Unter gequältem Stöhnen setzte ich mich auf. Dieser Rücken würde mich noch umbringen…

Fahles Licht fiel in den schmalen Raum. Mit Sicherheit wieder so ein Dreckswetter draußen wie schon die letzten Tage.

Verschlafen betastete ich mein Gesicht. Eine Rasur war bald wieder fällig. Welcher Tag war heute? Seit ich hier war, hatte ich mein Zeitgefühl komplett verloren. Ich zählte die Tage nur noch nach Zelle dunkel oder Zelle hell.
 

Der kahle Raum erdrückte mich, ich konnte kaum einen klaren Gedanken fassen.
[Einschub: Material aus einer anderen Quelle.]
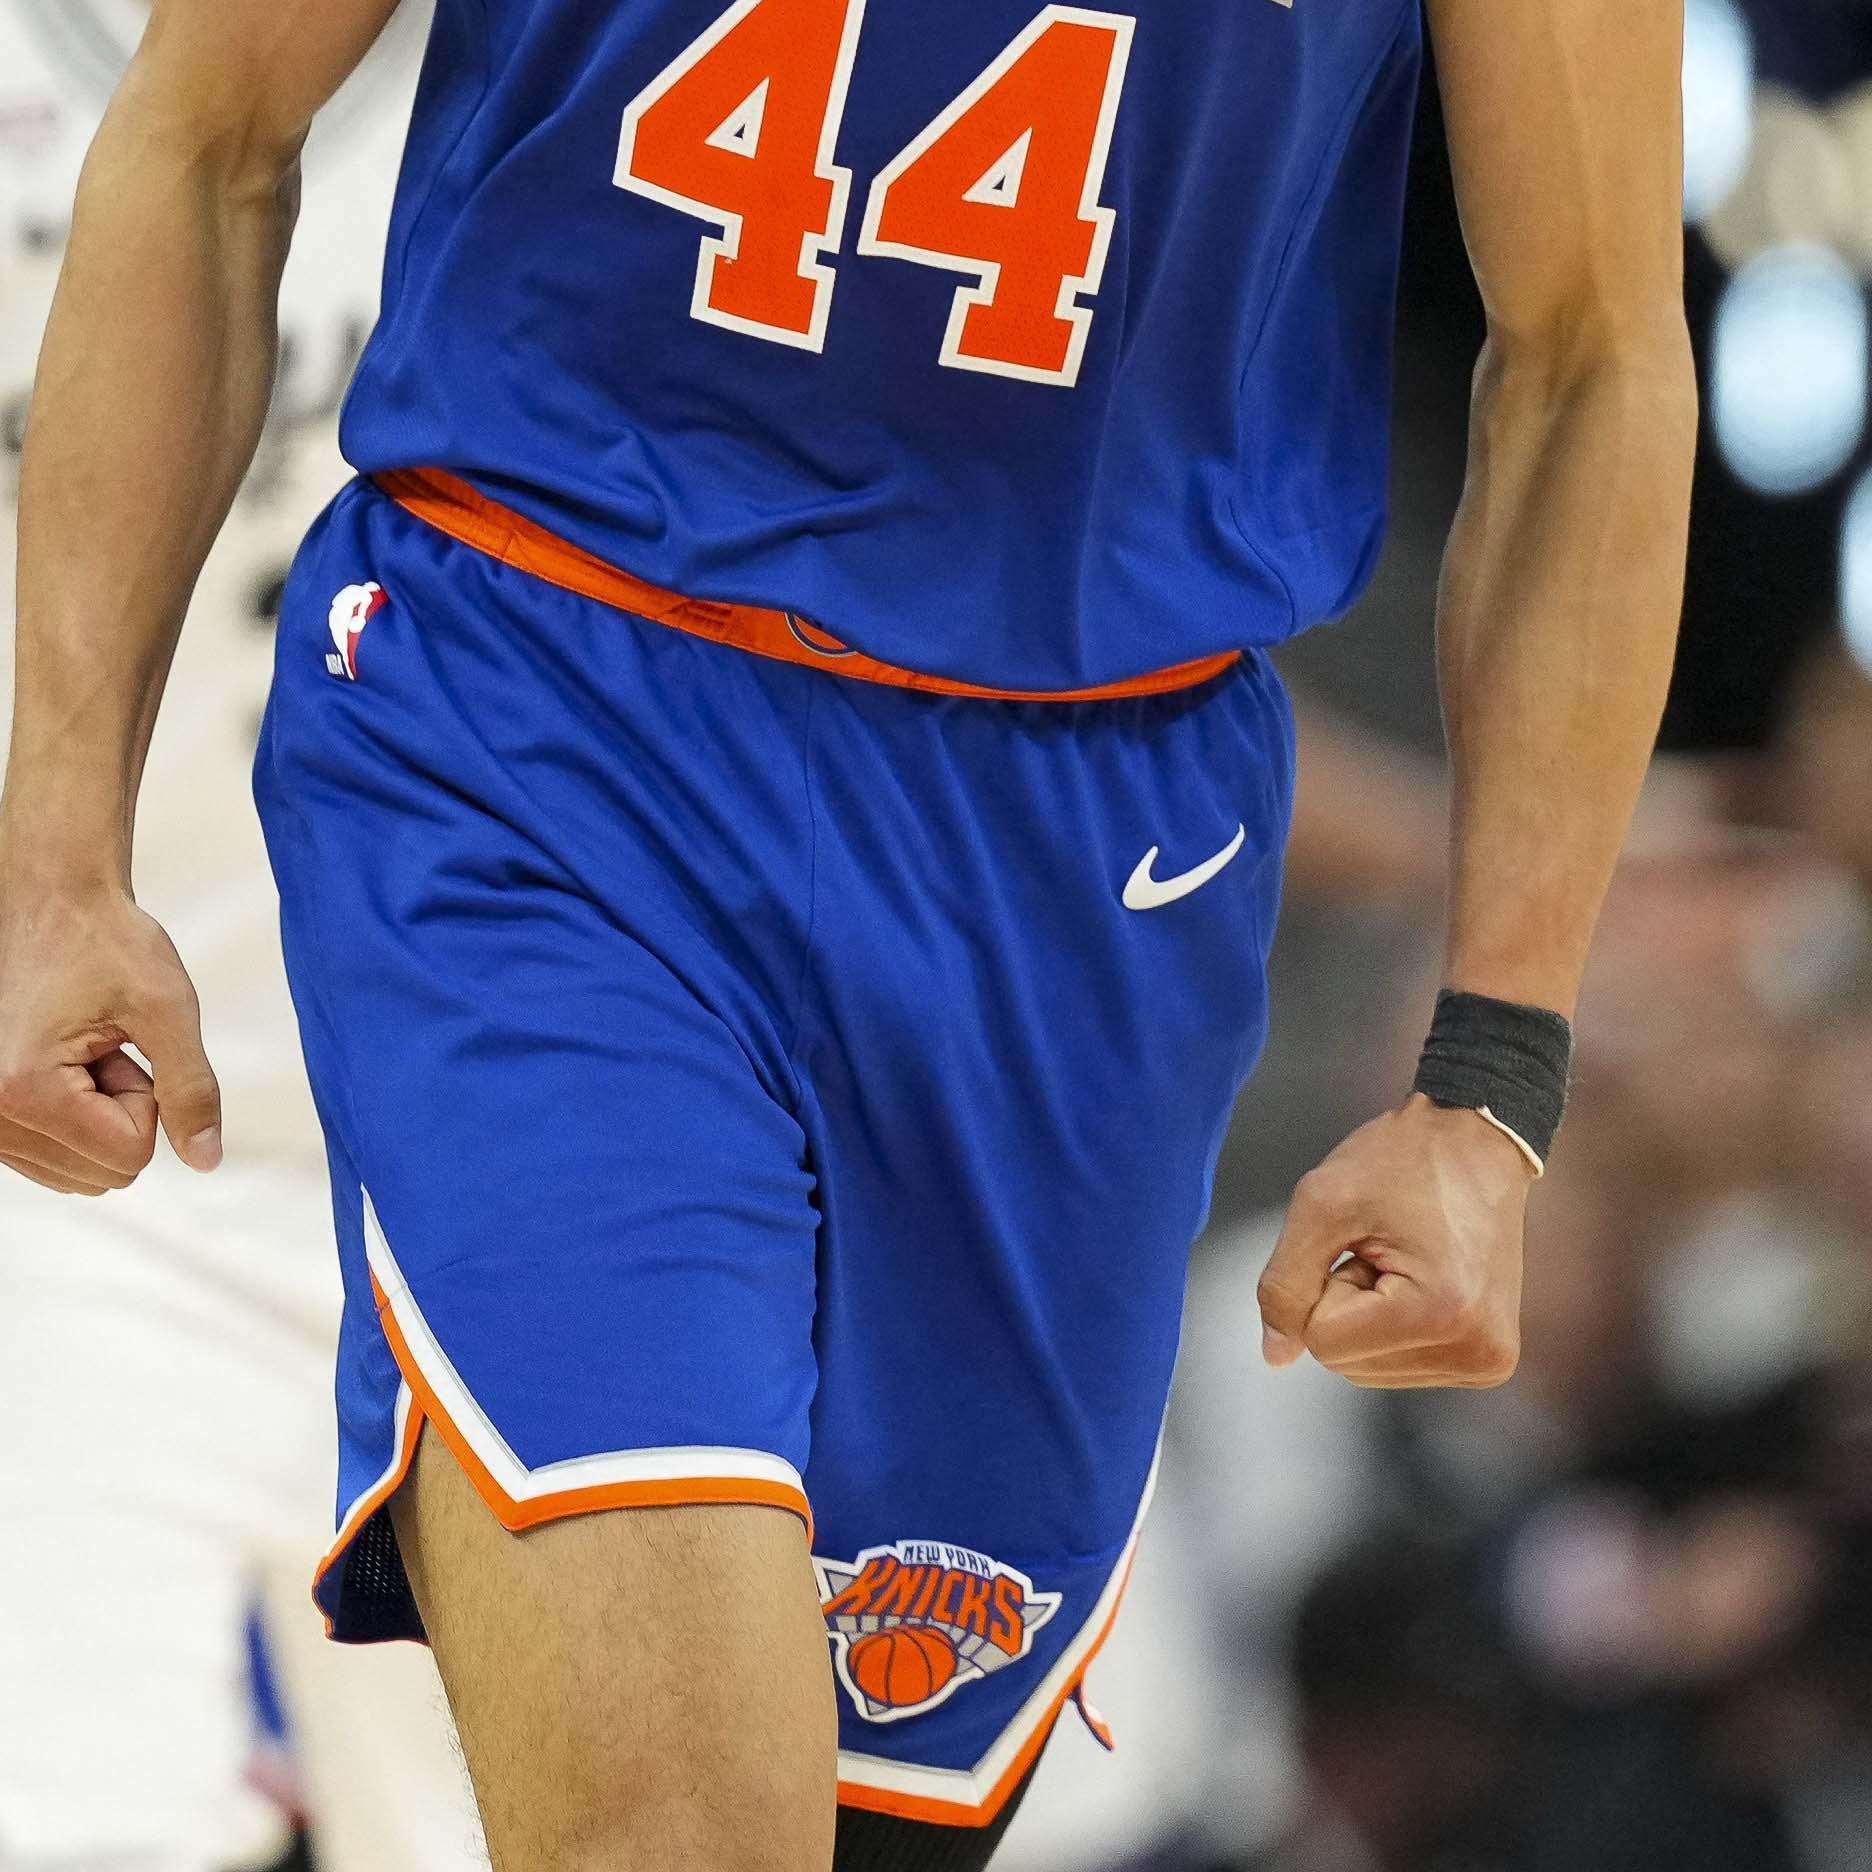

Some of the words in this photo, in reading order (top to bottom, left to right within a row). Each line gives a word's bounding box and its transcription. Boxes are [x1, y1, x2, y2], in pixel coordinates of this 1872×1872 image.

Mein Blick glitt aus dem Fenster. Dunkle Mauern, vergitterte Fenster und noch mehr gebrochene Seelen.

Den Himmel konnte ich nur sehen, wenn ich mich rücklings auf den Boden legte. Aber das konnte ich meinem verspannten Körper gerade nicht antun.

Trotzdem hätte ich gern ein Stück Himmel gesehen. Auch wenn er dunkel und wolkenverhangen sein würde. Ein Stück Freiheit, Hoffnung. Die Erinnerung daran, dass es dort draußen etwas gab, das auf mich wartete.
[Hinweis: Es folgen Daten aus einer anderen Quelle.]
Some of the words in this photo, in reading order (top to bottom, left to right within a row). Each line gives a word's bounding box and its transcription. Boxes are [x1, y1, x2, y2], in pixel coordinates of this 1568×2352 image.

Doch … mal ehrlich, was wartete denn da draußen auf mich?

Die zurückgelassenen Trümmer meines alten Lebens – Ein Stapel Schulden, eine kleine Wohnung, die im Chaos versank, eine Schwester, die mich bei jeder Gelegenheit belehrte und mir Schuldgefühle einredete.

Wollte ich wirklich wieder da raus?

Die Welt war grausam und hart und vielleicht war ich hier drinnen besser aufgehoben als dort draußen.
 

Ich seufzte. Nein, nein, nein. So durfte ich einfach nicht denken.

Nur ein paar Gitterstäbe trennten mich von der Freiheit. Und die wünschte ich mir doch so sehr!

Aber was würde ich mit ihr machen?

Was, wenn meine ach so tollen „Freunde“ plötzlich wieder aufkreuzten und mir den Kopf verdrehten? Würde ich dann widerstehen können?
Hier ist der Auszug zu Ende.